Maryknoll Vocation Ministries is a service to the Maryknoll Society.
This blog aims to keep Maryknoll Formation Candidates and
Vocation Prospects abreast of discernment and Church issues.


October 5, 2012

The Art of Discernment



Most people are not very well practiced in the art of “Know Thyself,” as the forecourt of the temple of Apollo at Delphi famously proclaimed. How do we really ever get to know the me that is inside? Those in the Western world who are interested usually seek outside help, from psychologists and psychiatrists to self-help gurus and New Age books. From Eastern spirituality, we have the method of retreating inward, meditation and yoga being a few of the techniques.  The popularity of these methods shows how important the search for understanding is in our lives. But what about discerning God’s will? How are we to ever really know that the path we are going down is what is best for our lives? Can we ever truly know God’s will? I believe that we can. Here are some helpful tools to keep in mind on your own path of discernment:

1.    Seek outside help. You would probably go to a doctor to help determine the source of an ailment, or a psychiatrist to help you in your mental health. Why should your spiritual health be any different? We often see ourselves and our own personal environment differently than those around us would. Outside advice can give you an entirely different perspective on a situation or a major choice. Those who are discerning religious life or other spiritual matters should find a good spiritual director. They can be religious or a qualified lay person. However, finding one who is trained in helping people see passed their own often muddled minds is very important during this process.

2.    Understand what you are choosing. Make sure that the choices you deciding upon are both inherently good choices. Keep this rule in mind when discerning: Discernment can only occur between a set of good things. The choices you are choosing between must be equally good choices. Otherwise, discernment is not really involved. You are just deciding whether to do the right thing or not. So, in the case of religious life, you are probably trying to discern whether you should be a religious or a lay person. Recognize that both are equally good choices. Being a religious does not make you more heaven-bound or more holy than being a lay person, whether married or single. The discernment comes in figuring out where you would best be able to utilize your personal gifts. For some, that comes in marriage or the single life. For others, it comes as being a religious. However, it can take many years of seeking and searching, as well as dating (people and communities), before finally realizing your path.

3.    Spend time in prayer. This cannot be emphasized enough. A strong personal prayer life is essential in times of discernment. Without a desire to communicate with God and to listen in return, you are not in a state of discernment. It would be like going into an exam without studying.

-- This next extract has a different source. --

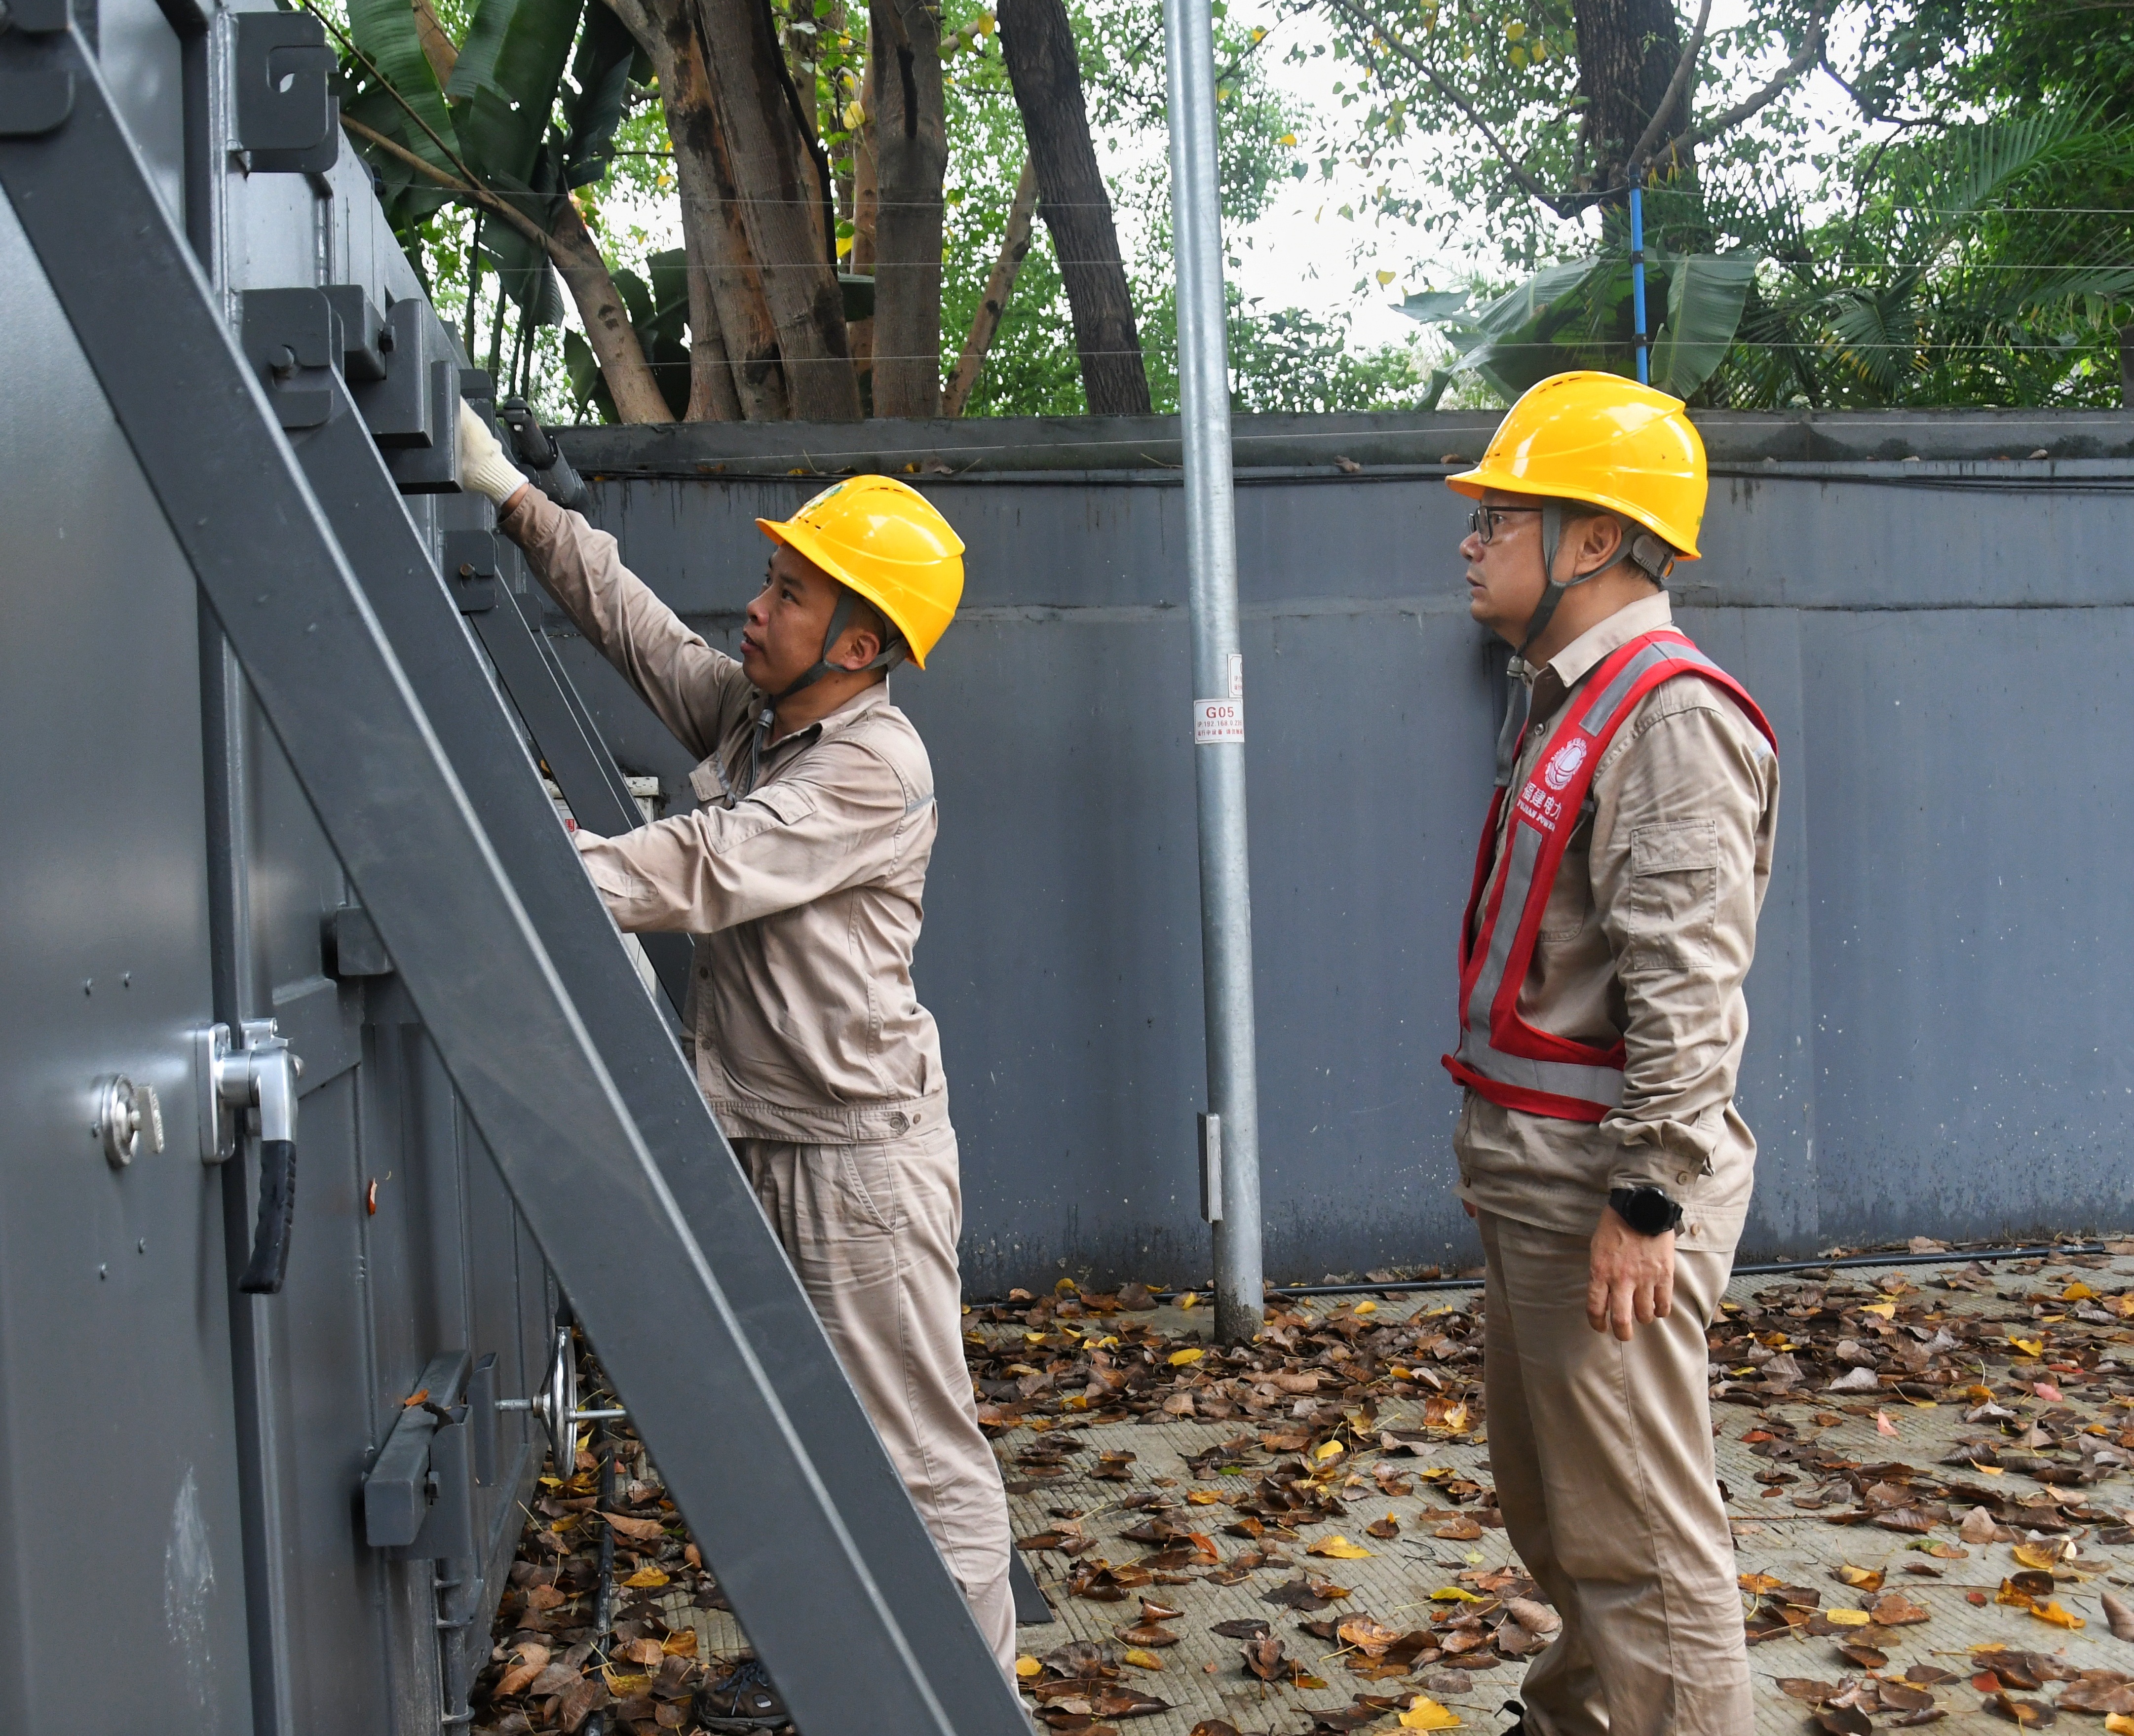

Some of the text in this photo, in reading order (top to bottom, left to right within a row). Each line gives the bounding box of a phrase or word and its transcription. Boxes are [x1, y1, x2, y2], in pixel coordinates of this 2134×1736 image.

[1206, 706, 1234, 718] G05
[1517, 798, 1556, 833] FUJIAN POWER
[1522, 781, 1562, 820] 福建电力

You might do OK, but you certainly are not nearly as prepared as you could be, and the end result will probably not be very satisfactory.

4.    Recognize that the very act of discerning is pleasing to God. So here is a big secret: As long as you are choosing a good, you are pleasing God. The very desire to please God pleases God. We are not perfect and we rarely act in a perfect way. So, as long as you are seeking the will of God, the choice you make in the end will be pleasing – again, as long as it is between two goods. How do you know if the path is a good path or not? It must fulfill two requirements: It must be a path that will show love for God and love for your neighbor. A path of self-interest or possible harm to another is not a good path and should be avoided as a follower of Christ.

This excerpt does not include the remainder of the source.